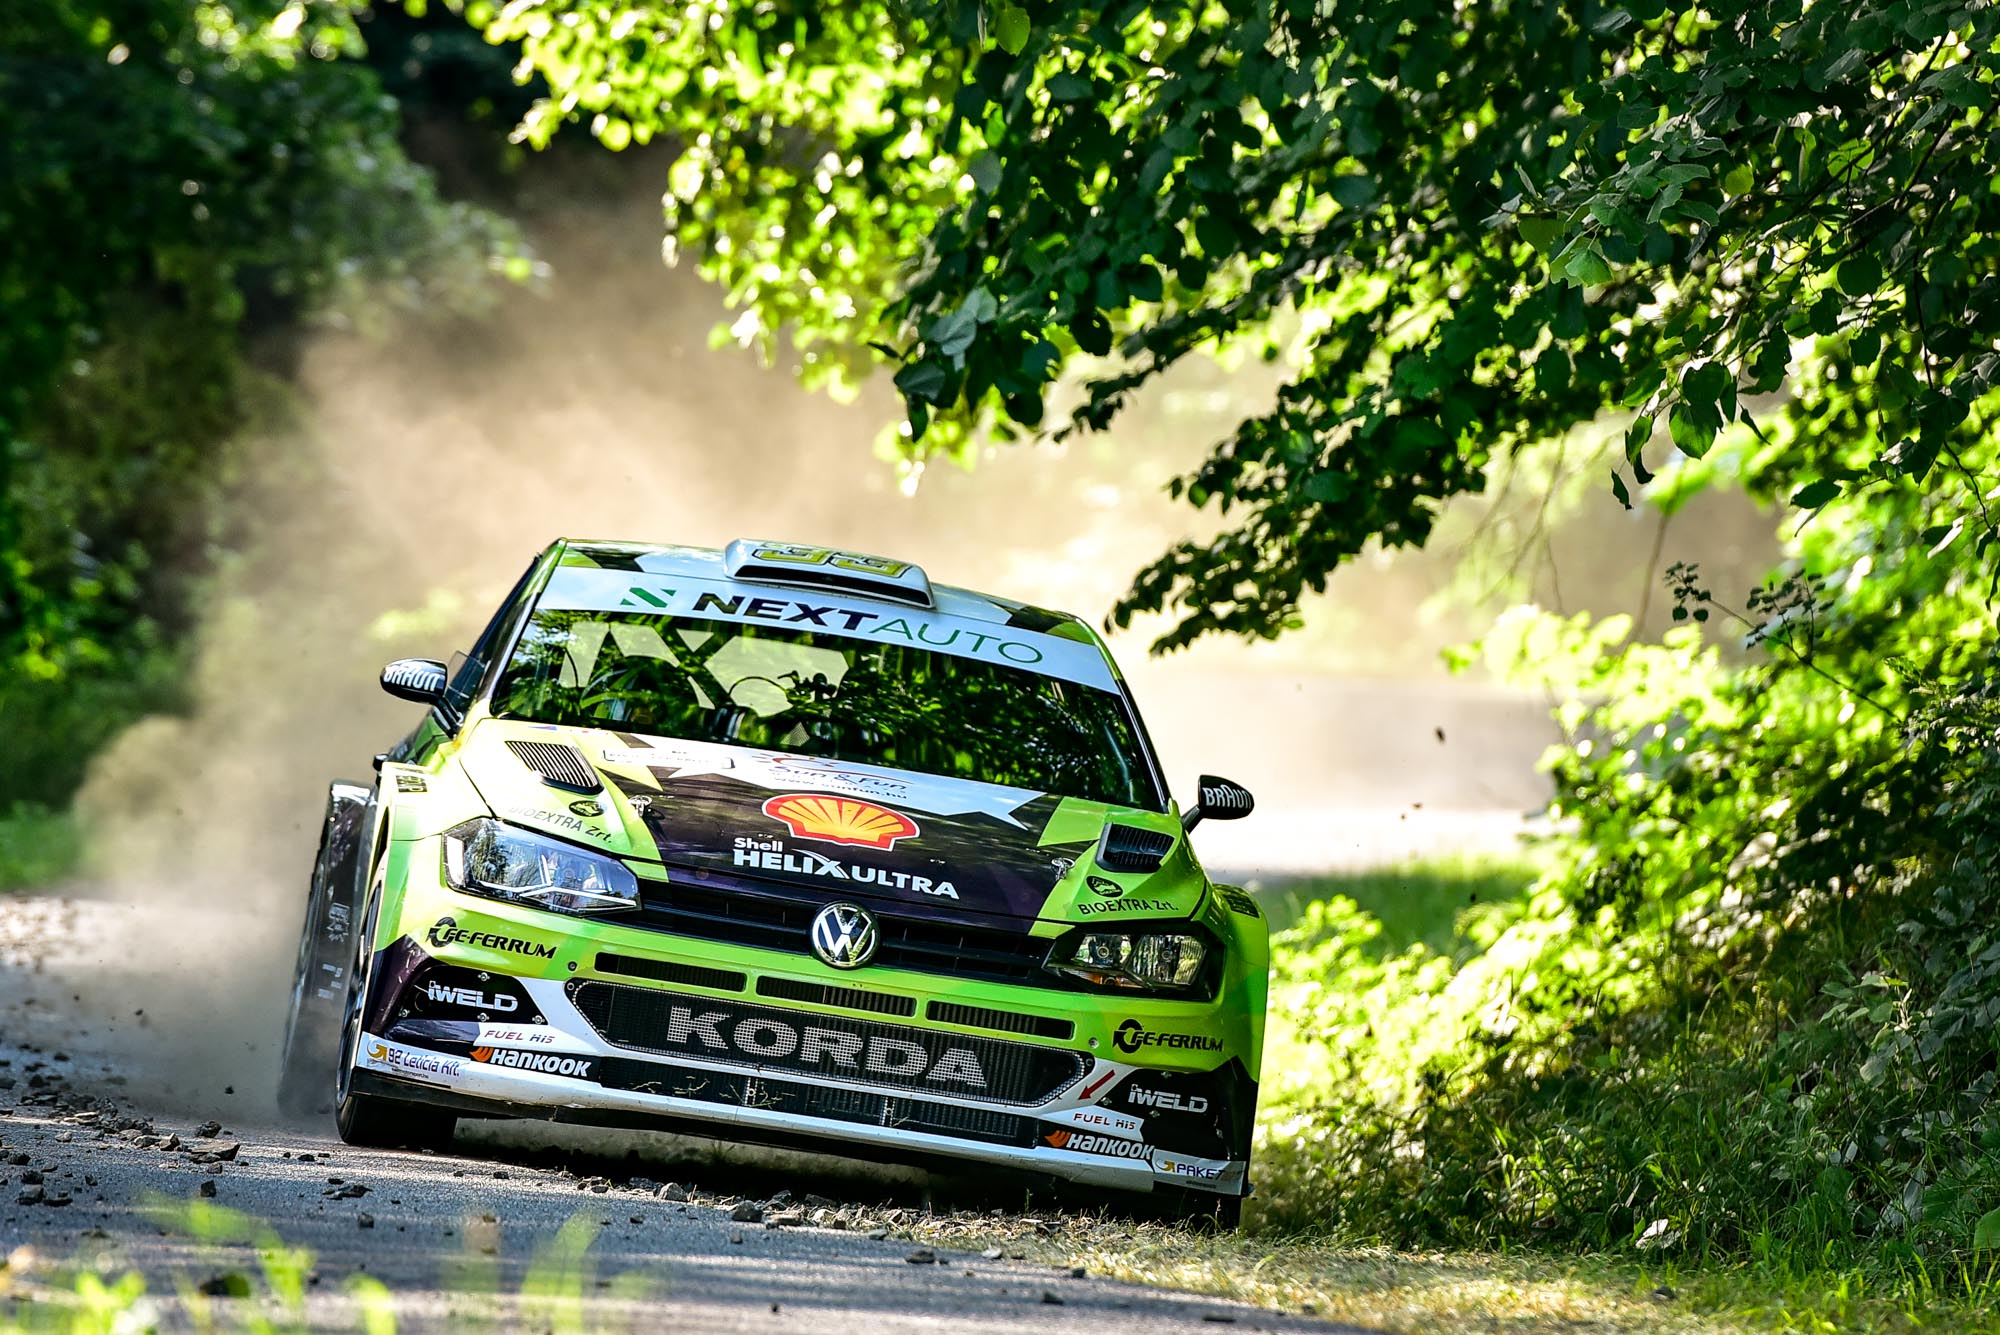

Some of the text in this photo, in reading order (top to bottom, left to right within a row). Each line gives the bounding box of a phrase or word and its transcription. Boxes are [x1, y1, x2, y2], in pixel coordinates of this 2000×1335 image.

[1202, 784, 1252, 809] BRAUN
[585, 826, 612, 843] Zrt.
[734, 838, 783, 852] Shell
[733, 849, 960, 900] HELIX ULTRA
[1078, 898, 1179, 915] BIOEXTRA Zrt.
[485, 1029, 524, 1041] FUEL
[666, 1005, 988, 1088] KORDA
[388, 1048, 403, 1065] 92
[1073, 1113, 1110, 1126] FUEL
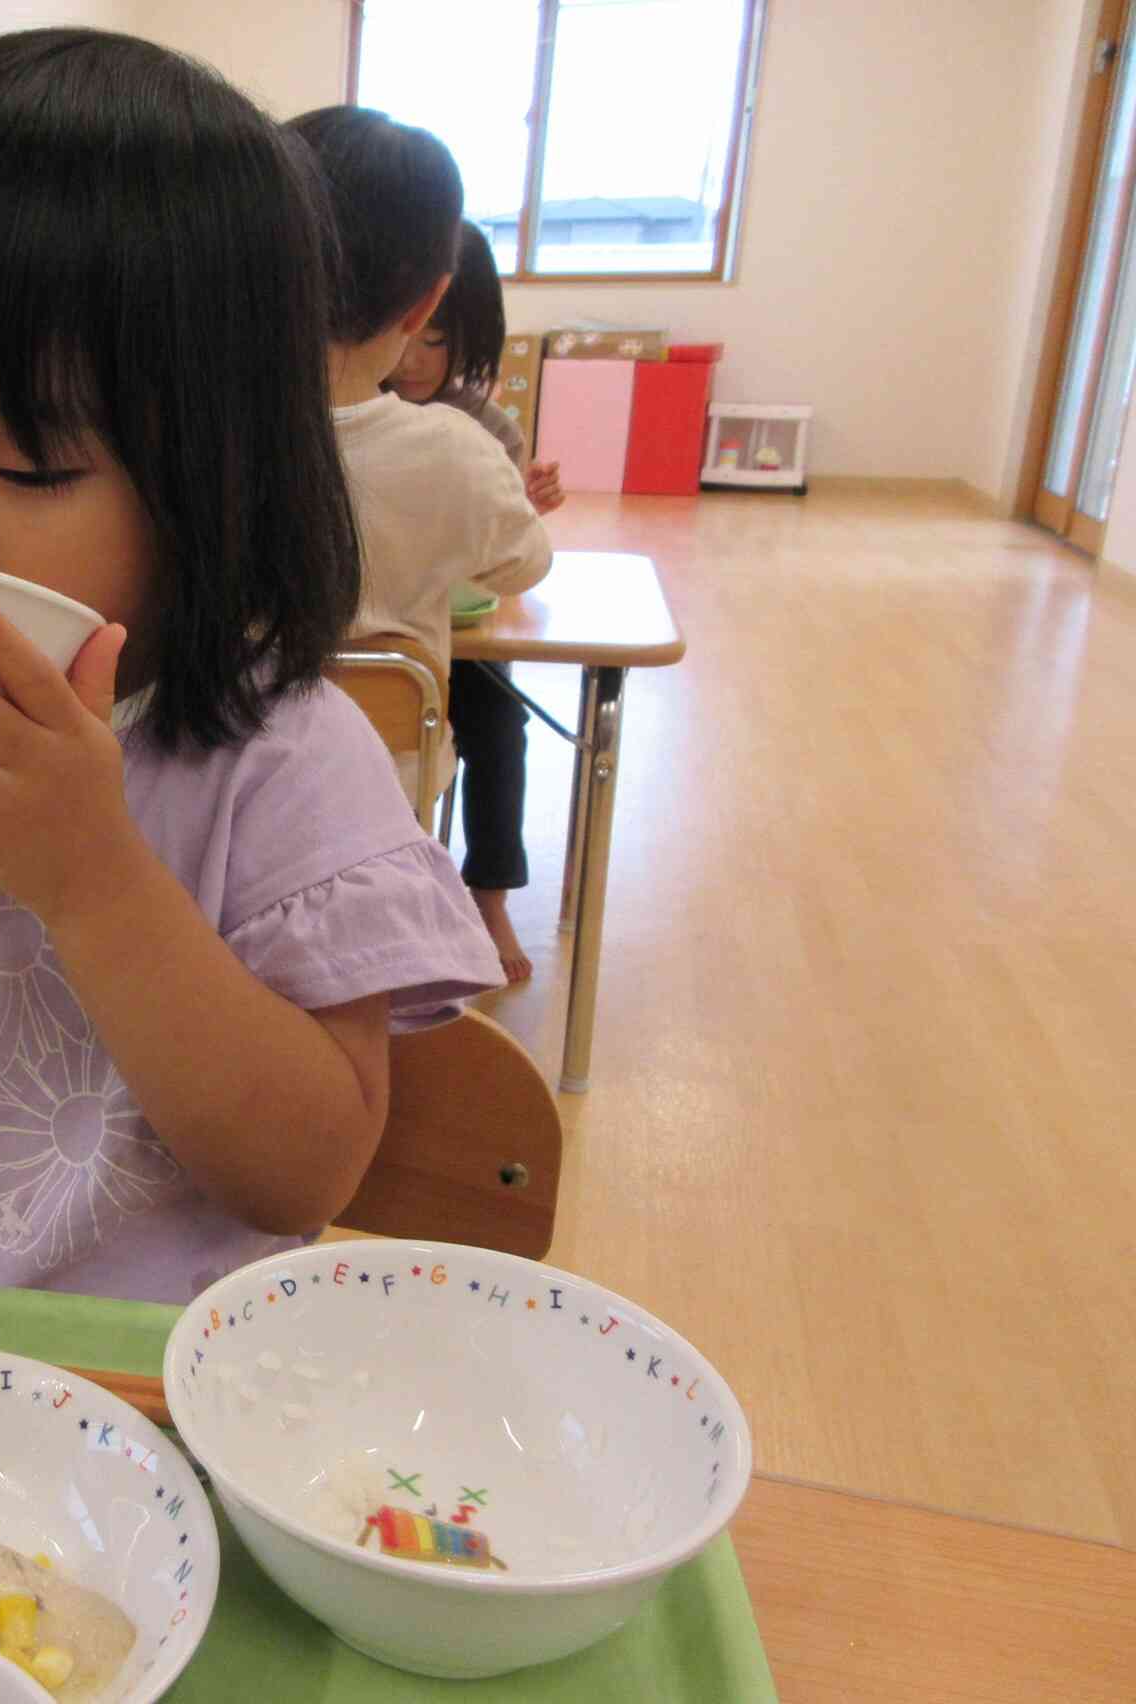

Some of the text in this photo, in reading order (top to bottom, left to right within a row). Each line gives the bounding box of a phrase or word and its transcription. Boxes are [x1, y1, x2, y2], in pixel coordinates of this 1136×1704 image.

[210, 1309, 221, 1330] B
[243, 1300, 253, 1321] C
[280, 1279, 297, 1297] D
[333, 1263, 350, 1285] E
[382, 1274, 395, 1296] F
[431, 1264, 447, 1285] G
[488, 1284, 510, 1307] H
[550, 1289, 562, 1309] I
[599, 1316, 619, 1335] J
[647, 1355, 662, 1379] K
[0, 1370, 12, 1390] I
[53, 1390, 72, 1408] J
[98, 1422, 114, 1446] K
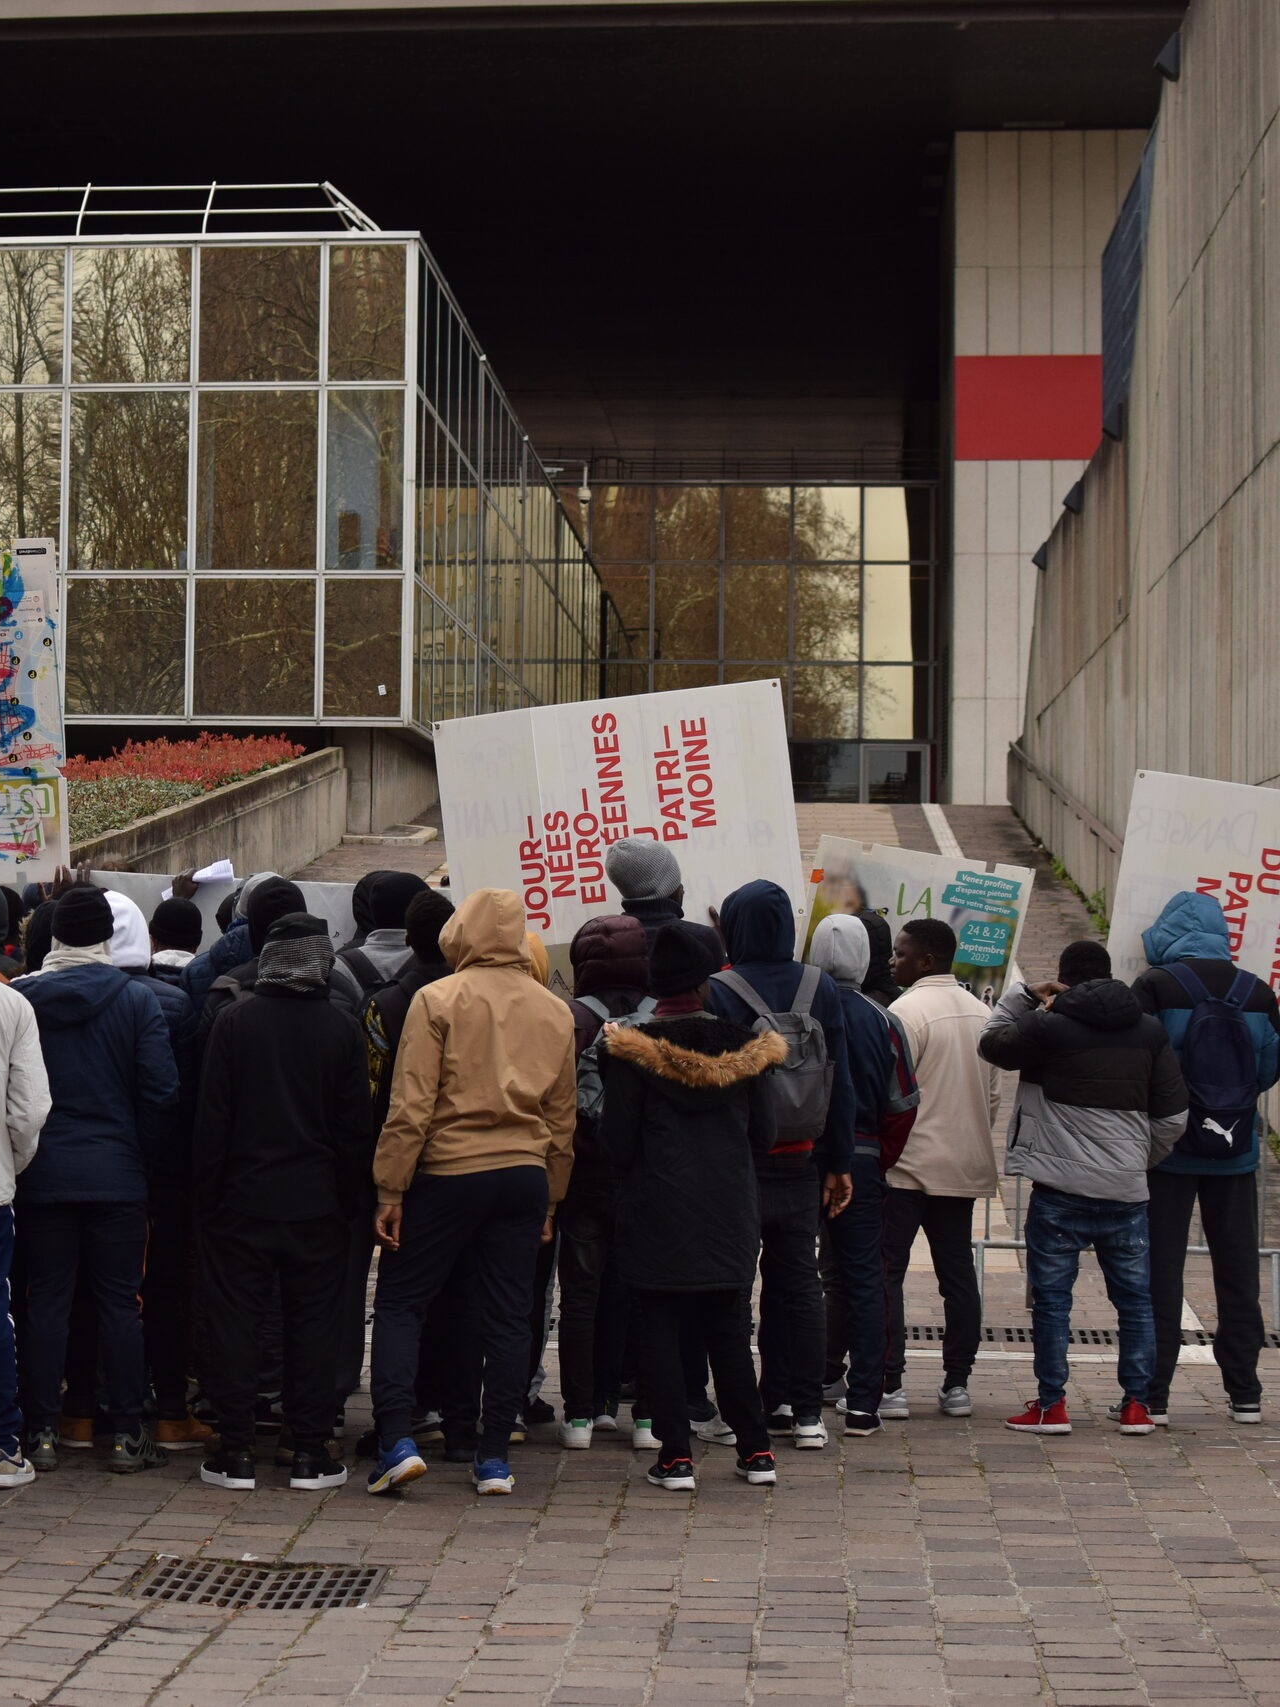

**ABOUT THIS EXERCISE**
Could you set down exactly, and only, the lines from the line containing "this 1136×1704 image." through the last line of the records, both included, without the pictures?

**RESULT OF THE TASK**
Some of the text in this photo, in reading order (top to bottom, left to right within a row). Each line gives the bounding box of a phrase or word and its transcription. Boxes are [x1, y1, x2, y2], in pixel coordinates of this 1136×1704 image.

[210, 1309, 221, 1330] B
[243, 1300, 253, 1321] C
[280, 1279, 297, 1297] D
[333, 1263, 350, 1285] E
[382, 1274, 395, 1296] F
[431, 1264, 447, 1285] G
[488, 1284, 510, 1307] H
[550, 1289, 562, 1309] I
[599, 1316, 619, 1335] J
[647, 1355, 662, 1379] K
[0, 1370, 12, 1390] I
[53, 1390, 72, 1408] J
[98, 1422, 114, 1446] K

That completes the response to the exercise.